Table 4. The variation range of the parameters.

Parameters	Variation Range
$R_{g1}$	−15%
$T_{sg1}$	+30%
$T_{sg2}$	−20%
$K_{ps1}$	+15%
$T_{cd2}$	−25%

. After changing the parameters in the system, a 0.01-pu step load change has been applied in the first area. Actually, this scenario is an appropriate examination for the robustness of the designed controller.

The frequency deviations and tie-line power deviation are shown in Figure 12 for the parameter variation scenario.

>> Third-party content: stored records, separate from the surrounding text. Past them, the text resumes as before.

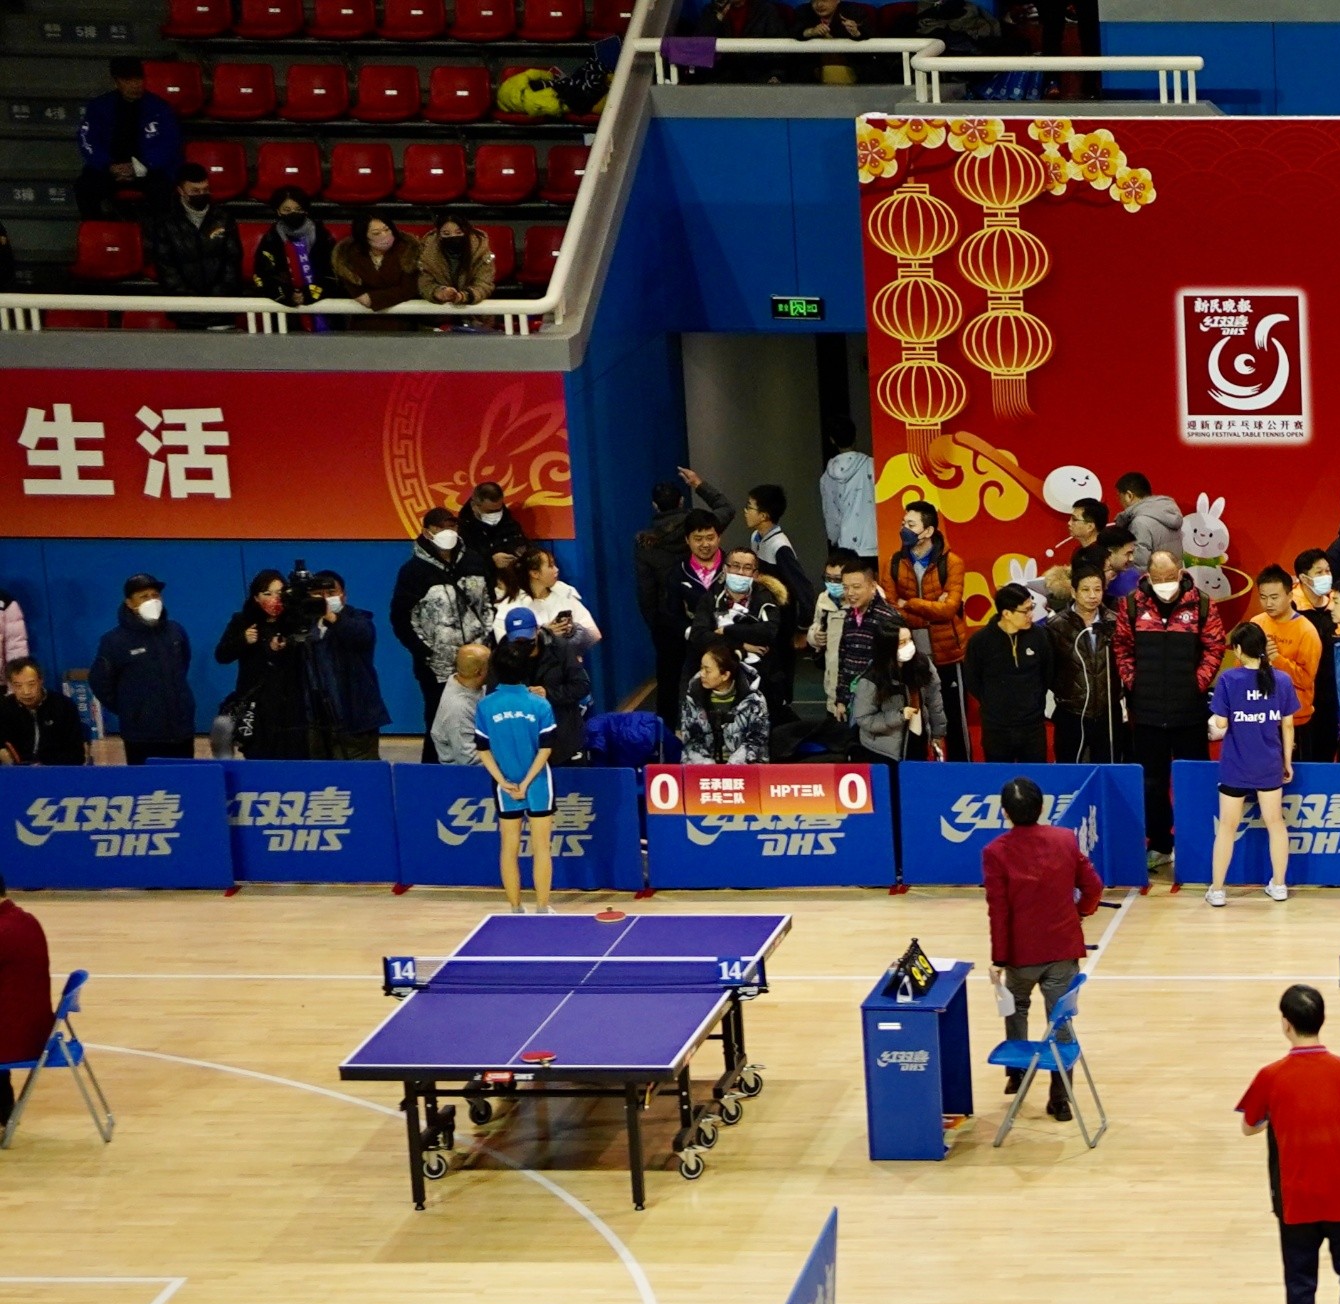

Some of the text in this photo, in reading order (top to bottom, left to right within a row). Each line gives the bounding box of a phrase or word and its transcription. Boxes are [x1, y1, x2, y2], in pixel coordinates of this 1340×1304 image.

[1221, 327, 1248, 336] DHS
[1187, 419, 1304, 431] 迎新春乒乓球公开赛
[17, 403, 232, 499] 生活
[650, 773, 679, 810] 0
[699, 791, 745, 805] 乒乓二队
[770, 784, 825, 798] HPT三队
[838, 773, 867, 809] 0
[16, 790, 183, 847] 红双喜
[437, 792, 597, 846] 红喜
[89, 832, 181, 857] DHS
[262, 828, 351, 852] DHS
[757, 832, 845, 856] DHS
[391, 960, 415, 982] 14
[719, 960, 743, 981] 14

The oscillation damping is very slow for AGC with PID controller; while it has improved by MPC in AGC. The proposed MPC for AGC and HPWH has the maximum robustness compared to the other two controllers.

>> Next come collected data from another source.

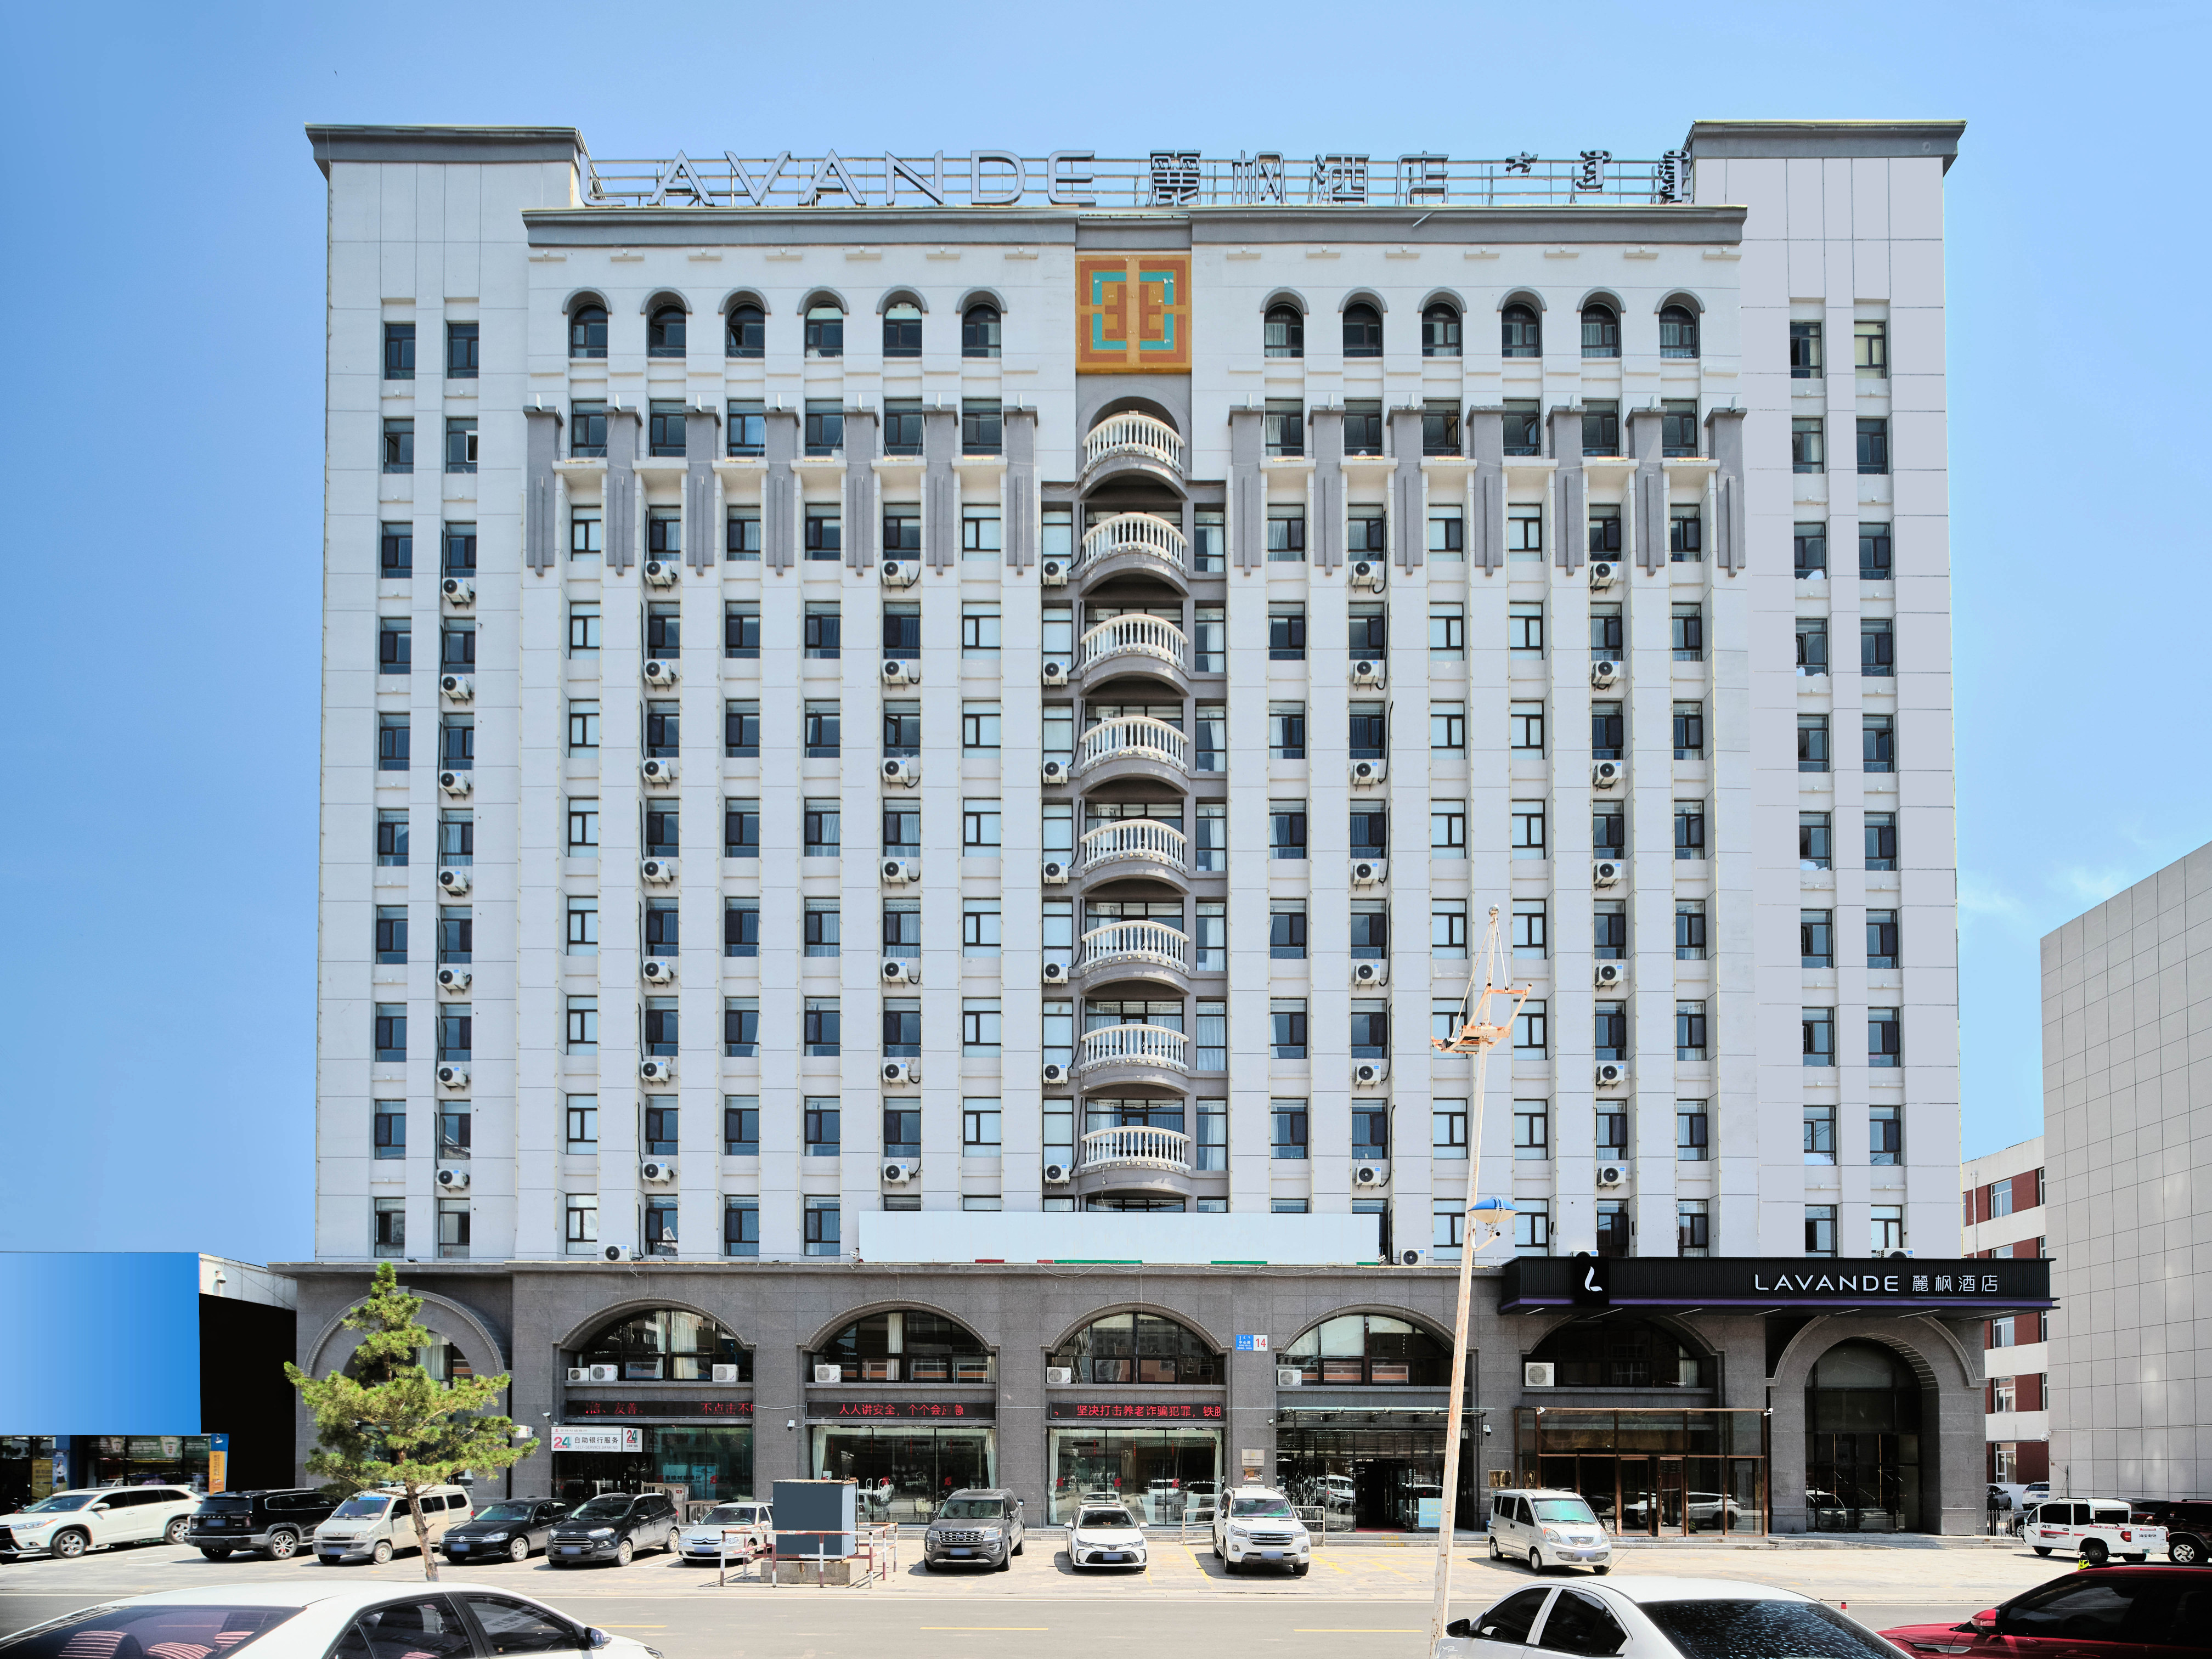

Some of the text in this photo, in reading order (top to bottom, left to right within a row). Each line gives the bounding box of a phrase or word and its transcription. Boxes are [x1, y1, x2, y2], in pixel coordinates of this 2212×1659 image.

[579, 149, 1096, 206] LAVANDE
[1146, 149, 1449, 206] 麗枫酒店
[1754, 1274, 1999, 1293] LAVANDE 麗枫酒店
[1256, 1338, 1266, 1347] 14
[701, 1402, 753, 1415] 不点击不
[554, 1436, 571, 1449] 24
[627, 1429, 637, 1443] 24

The maximum deviation value, peak time and settling time are shown in

Table 5. Peak overshoot, peak time and settling time for the controllers in the third scenario.

Controller Type	Signal	Maximum Deviation (pu)	Peak Time (s)	Settling Time (s)
AGC-MPC with HPWH-MPC	$\Delta f_1$	−0.0111	1.0000	25.3900
	$\Delta f_2$	−0.0128	2.1000	26.4000
	$\Delta P_{12}$	−0.0021	1.4600	19.5017
AGC-MPC	$\Delta f_1$	−0.0215	1.0000	25.4000
	$\Delta f_2$	−0.0250	2.1000	26.4033
	$\Delta P_{12}$	−0.0041	1.3540	19.6000
AGC-PID	$\Delta f_1$	−0.0424	0.8686	38.1069
	$\Delta f_2$	−0.0460	1.9500	38.1051
	$\Delta P_{12}$	−0.0078	1.3300	35.3305

for the frequency and tie-line deviations after parameter variations. In addition, Figure 13 shows the RMS value of deviation for the three controllers clearly. The proposed MPC for AGC and HPWH has the minimum RMS value of deviation compared to the other two controllers.

6. Conclusions

This paper designed a model predictive control (MPC)-based controller for a two-area power system considering heat pump water heaters (HPWHs) in both areas. The dynamic model of thermal, hydro and gas generation units, as well as the dynamic model of HPWH were employed in the design process. The area control error was used as the input signal to HPWH and AGC to improve the robustness of frequency and tie-line power deviations against the disturbances in different areas. The efficiency of the proposed controller was examined in three different scenarios including: step load change, a mix of intermittent wind farm output and random load change, as well as parameter deviations as the sensitivity analysis. In all scenarios, the performance of the proposed MPC for AGC and HPWH was compared to MPC for AGC alone and AGC with the PID controller. The controllers were compared by the frequency deviations of the areas and tie-line power deviation. The RMS value of deviation showed the superiority of the proposed controller over the other controllers. It was shown that HPWH application in the secondary frequency control of the multi-area power system can improve the frequency and tie-line power performance with an efficient controller.